• **WHAT YOU HAVE TO DO**
Excluding pictures, retype the line with "this 1000×1418 image." and each line that follows it to the end of the data below, word for word.

---

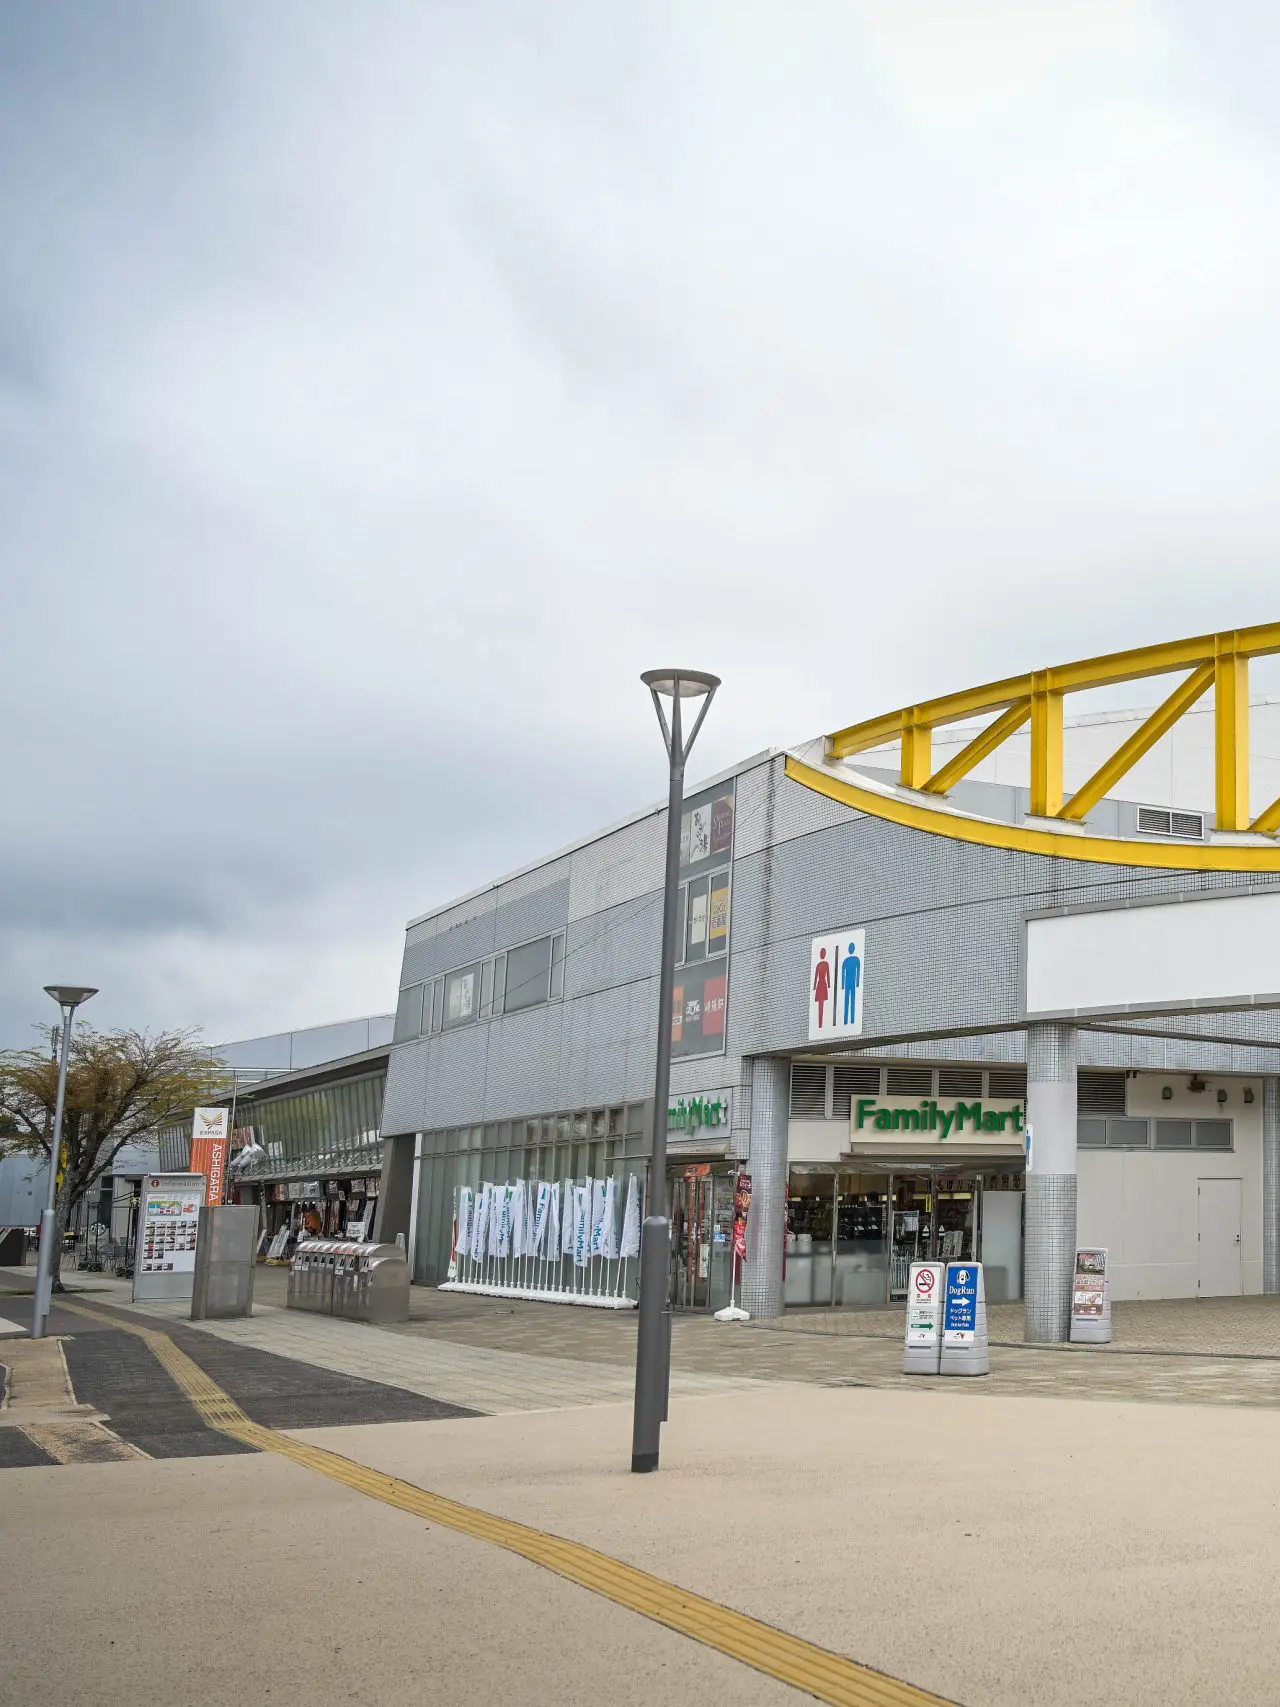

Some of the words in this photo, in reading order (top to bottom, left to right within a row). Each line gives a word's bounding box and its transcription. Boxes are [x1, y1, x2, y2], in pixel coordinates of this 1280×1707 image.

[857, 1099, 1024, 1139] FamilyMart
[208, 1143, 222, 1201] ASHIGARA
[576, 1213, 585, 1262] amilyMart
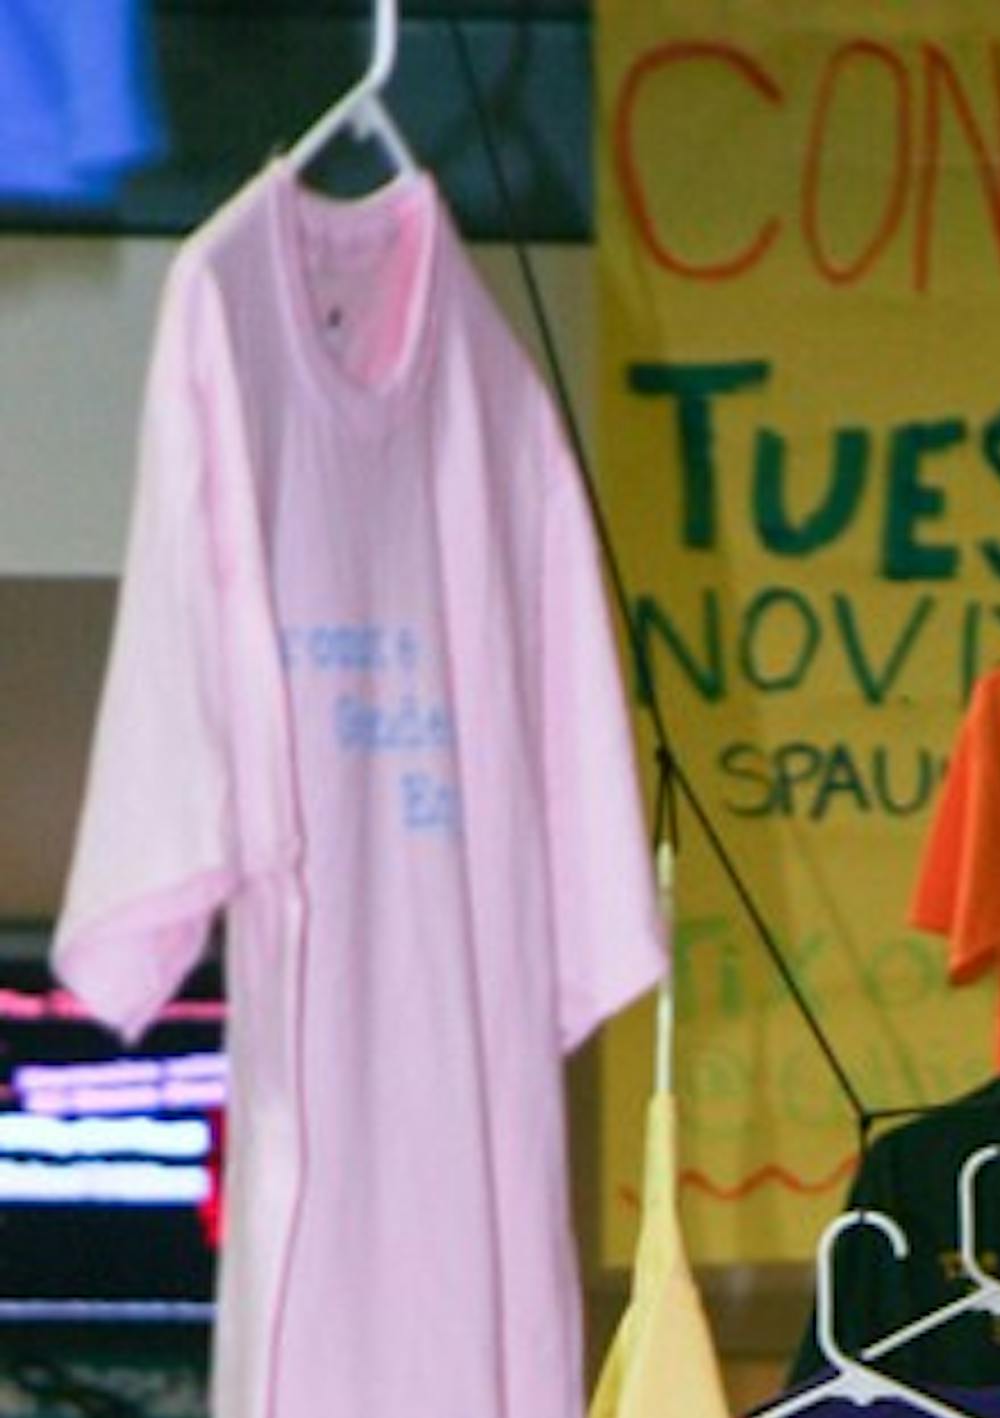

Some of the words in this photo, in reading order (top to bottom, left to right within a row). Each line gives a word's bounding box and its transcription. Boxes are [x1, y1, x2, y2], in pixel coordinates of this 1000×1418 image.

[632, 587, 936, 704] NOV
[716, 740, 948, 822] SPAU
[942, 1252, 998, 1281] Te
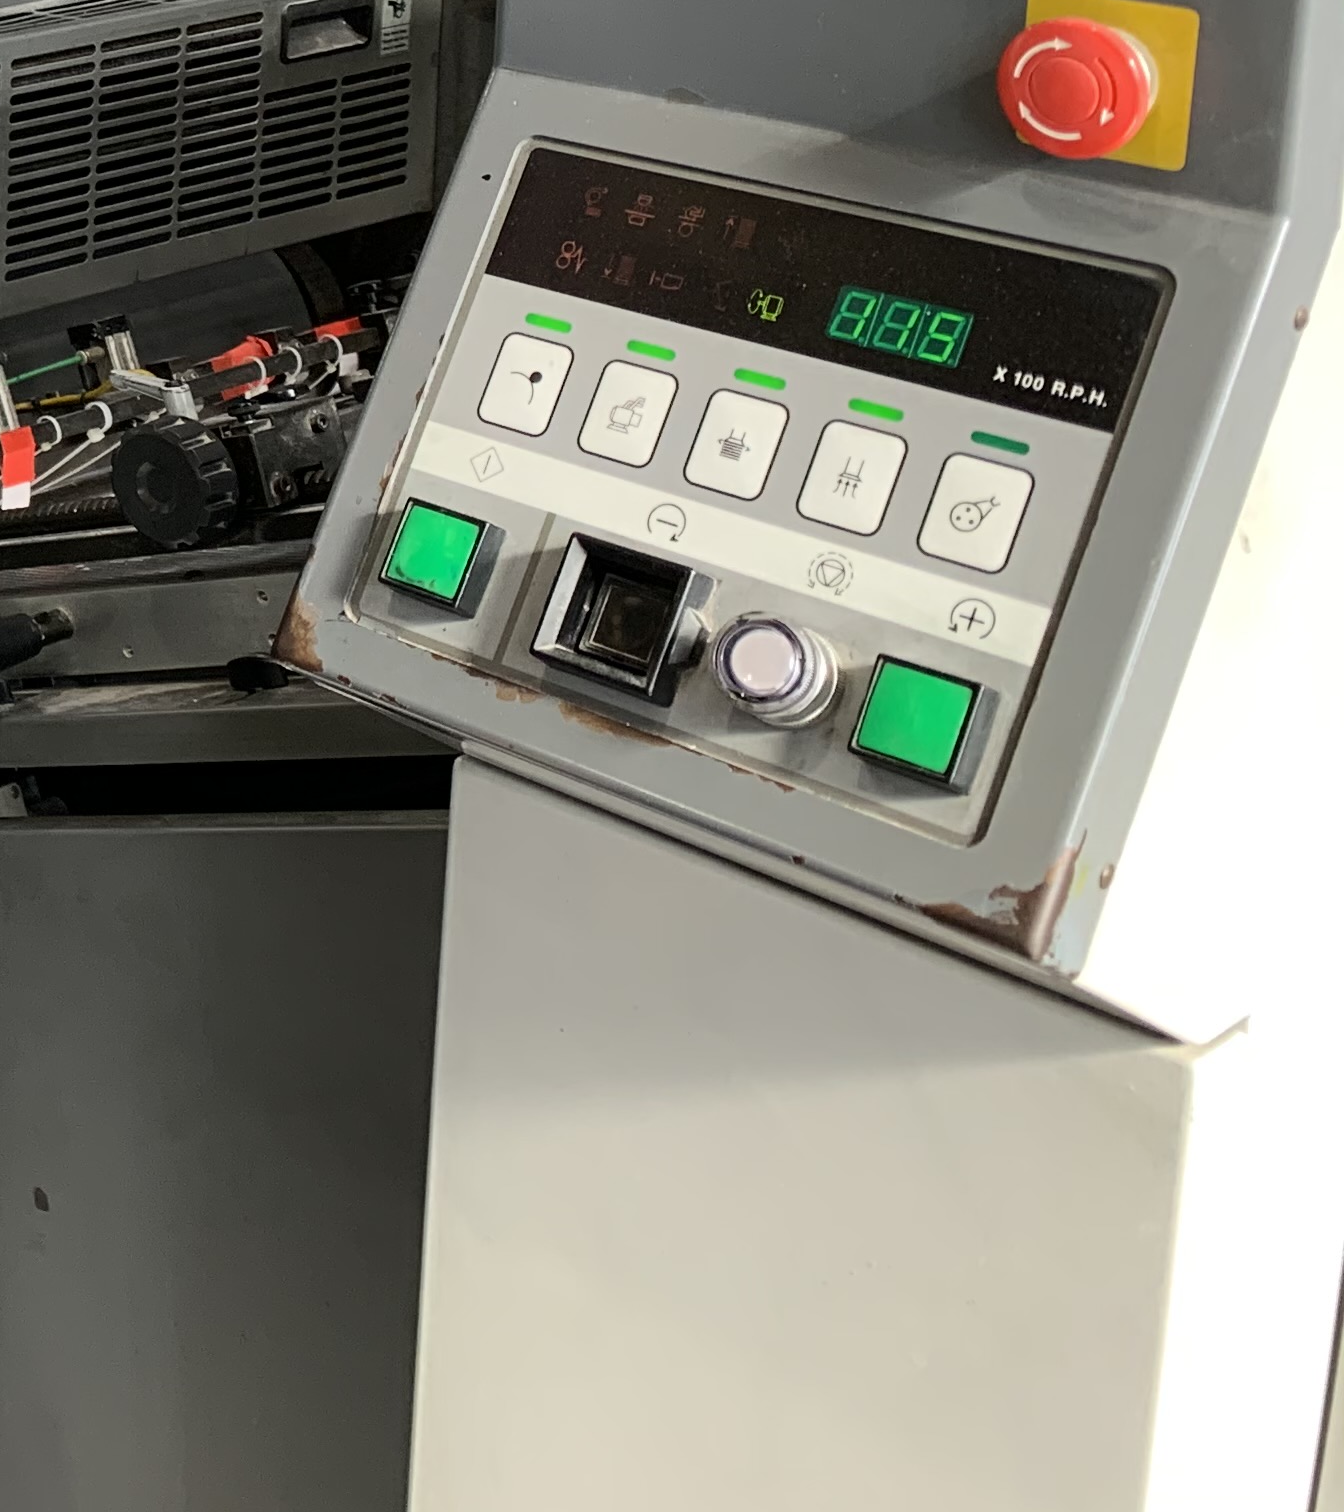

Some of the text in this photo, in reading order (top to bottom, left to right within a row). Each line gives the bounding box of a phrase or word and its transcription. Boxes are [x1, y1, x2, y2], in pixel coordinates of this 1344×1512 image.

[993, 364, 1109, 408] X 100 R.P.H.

---

• **RESULT FOR THIS EXERCISE**
Some of the words in this photo, in reading order (top to bottom, left to right within a row). Each line gives a word's bounding box and its transcription. Boxes are [x1, y1, x2, y2], in pixel coordinates of this 1000×1418 image.

[632, 587, 936, 704] NOV
[716, 740, 948, 822] SPAU
[942, 1252, 998, 1281] Te

Some of the text in this photo, in reading order (top to bottom, left to right within a row). Each line gives the bounding box of a phrase or word and its transcription. Boxes are [x1, y1, x2, y2], in pixel coordinates of this 1344×1512 image.

[993, 364, 1109, 408] X 100 R.P.H.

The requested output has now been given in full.